There’s a lot to figure out in the healthcare space which also means there are a lot of interesting problems to solve right now. That also means health organizations are uniquely poised to solve these problems with the right support. In the U.S., the 21st Century Cures Act is a challenge providers and payers are working on now. By implementing mandated interoperability capabilities, healthcare information will be more accessible for patients. Healthcare organizations have a unique opportunity to truly enhance the patient experience. There are innovative ways to leverage patient information to drive better communication and coordination throughout the healthcare ecosystem. 

Shopping for care is not the same as shopping for shoes or rugs or even a new car. It’s not about finding what’s on sale or trending, it’s about what will save lives, what will heal people and where to go for the best quality, the smartest providers and the latest technology to help patients live their best lives. 

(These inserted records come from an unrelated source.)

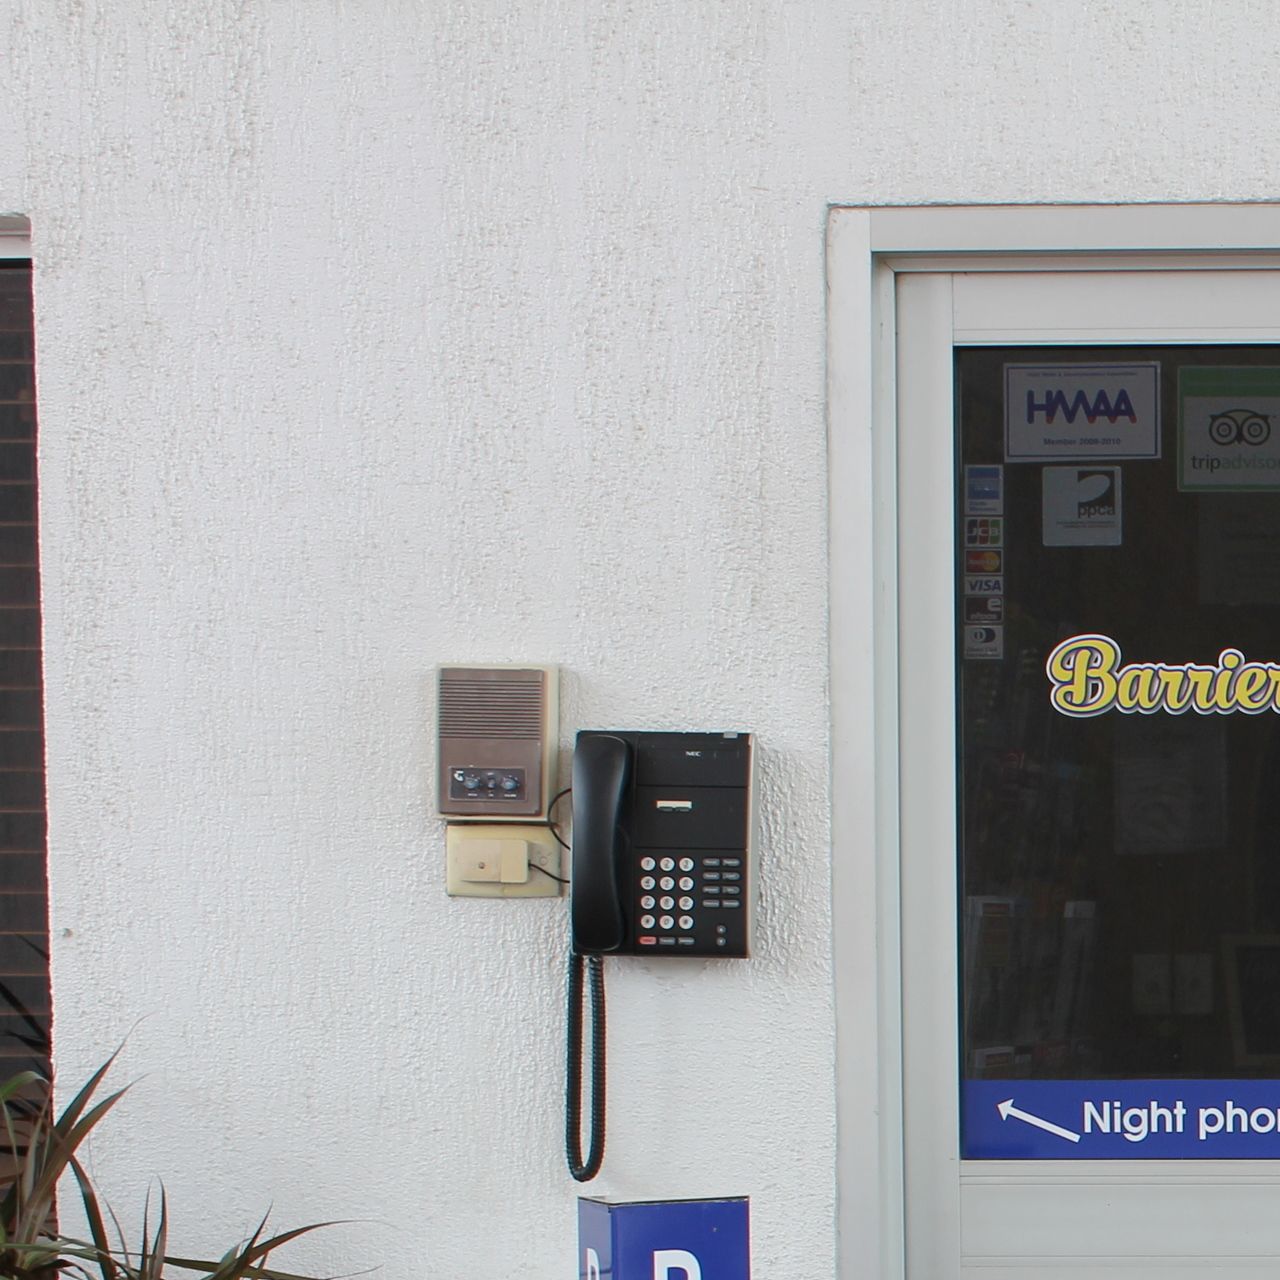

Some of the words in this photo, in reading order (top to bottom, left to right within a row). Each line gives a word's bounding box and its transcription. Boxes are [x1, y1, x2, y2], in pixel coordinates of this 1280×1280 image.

[1026, 389, 1137, 424] HMAA
[1043, 437, 1077, 446] Member
[967, 527, 1000, 536] JCB
[968, 579, 1002, 592] VISA
[1083, 1100, 1187, 1142] Night
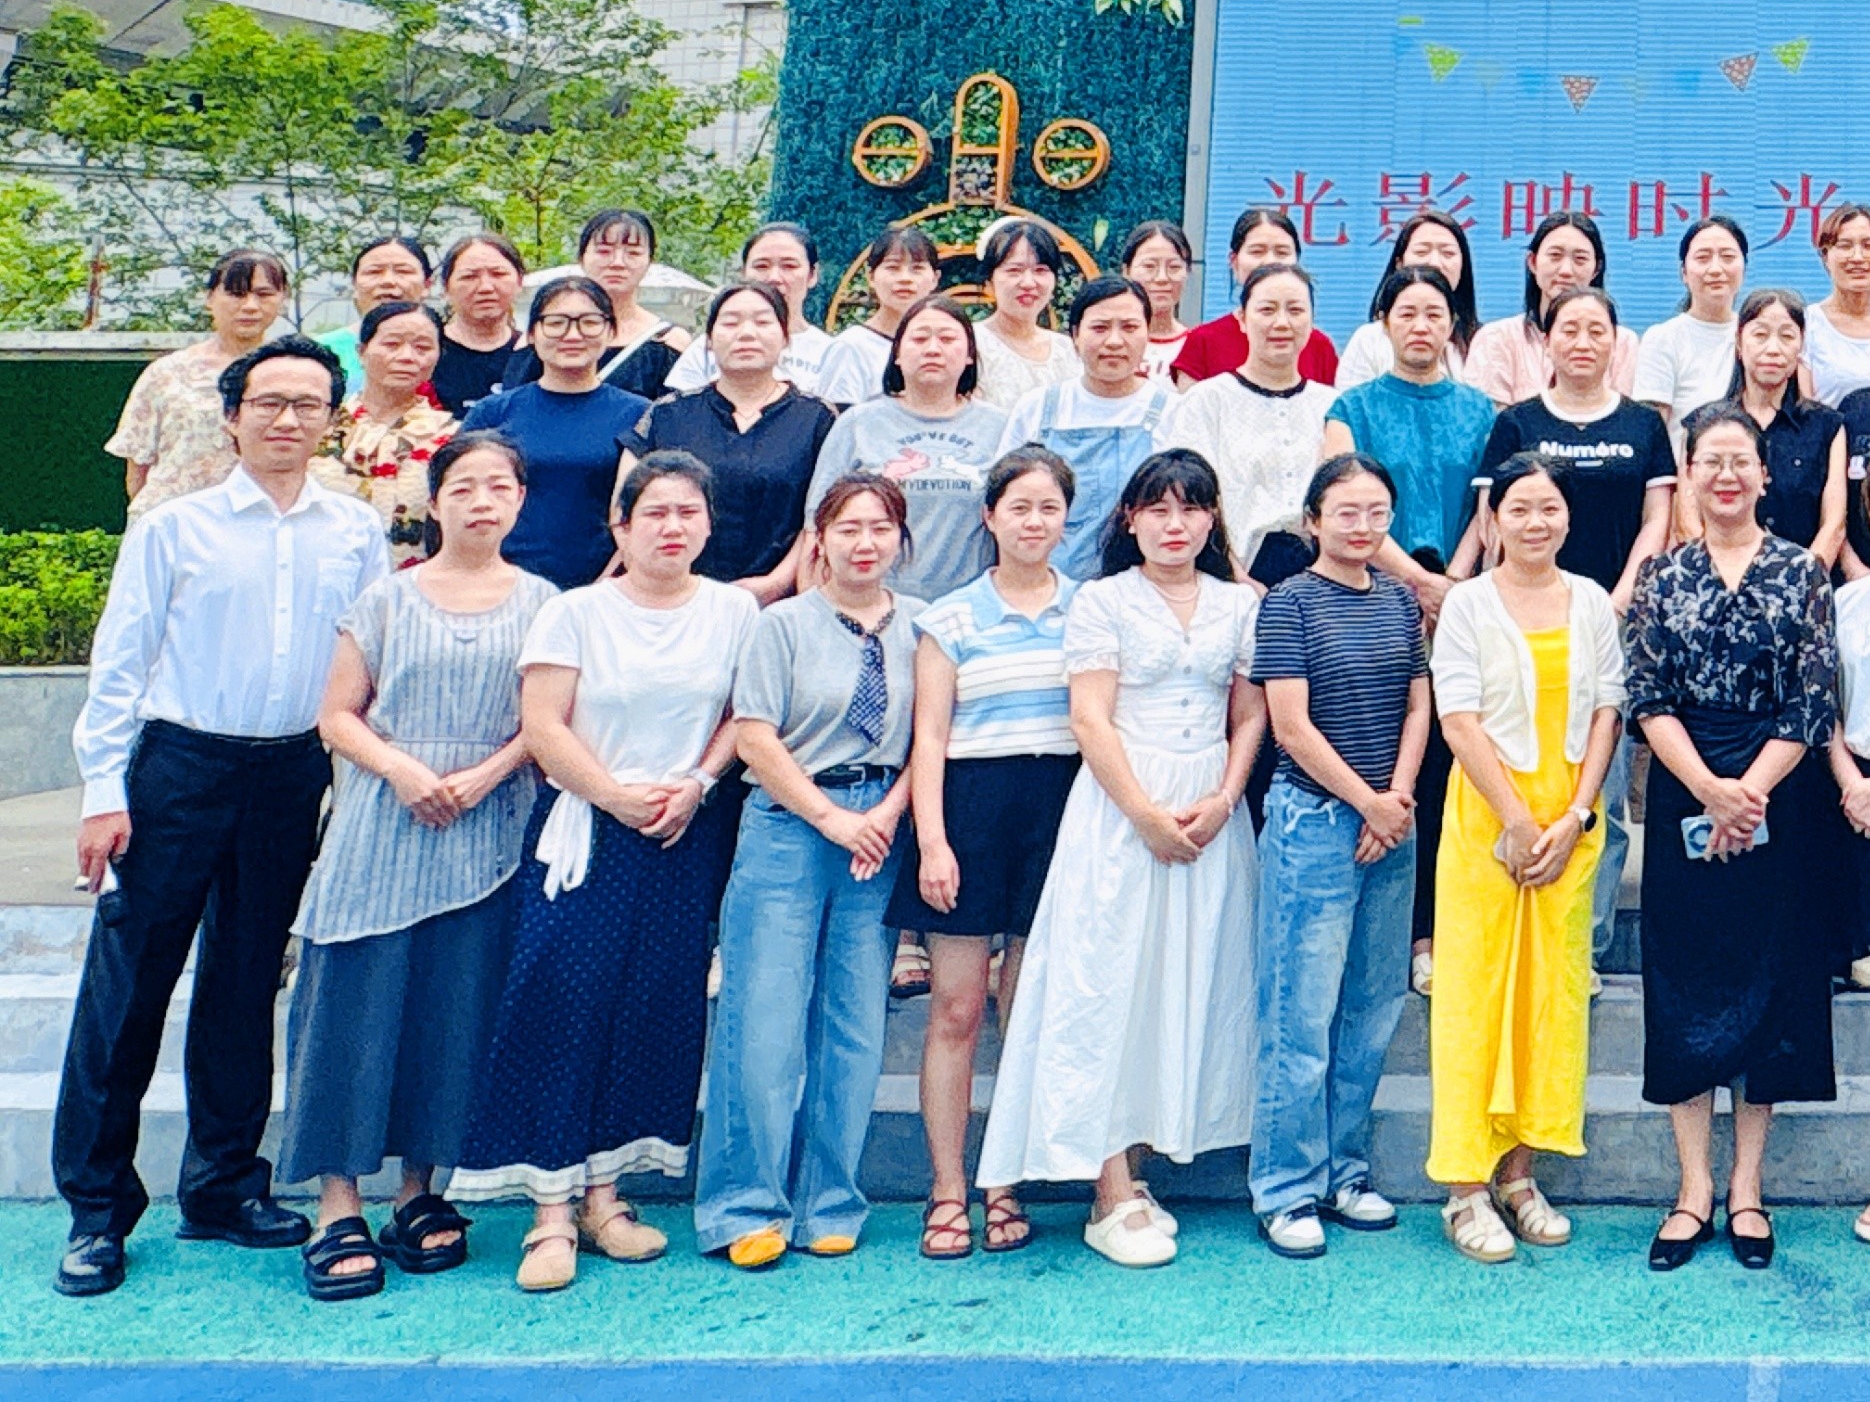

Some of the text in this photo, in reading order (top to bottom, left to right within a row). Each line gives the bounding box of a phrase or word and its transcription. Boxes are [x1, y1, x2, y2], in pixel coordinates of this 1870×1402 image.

It is critical for healthcare organizations to focus on understanding patient needs and their overall journey. That’s what the “Amazons of the world” are doing – and if one healthcare organization isn’t asking the questions about what happens to the customer, someone else will – and that’s where your customers will go. 

Setting a vision for patient experience and creating a strategy to meet business goals allows healthcare companies to prioritize the incremental innovations they need to make now more than ever. Sharing the vision with leaders, aligning the organization and creating a roadmap enables healthcare brands to focus on what’s most important to keeping patients engaged, safe and healthy.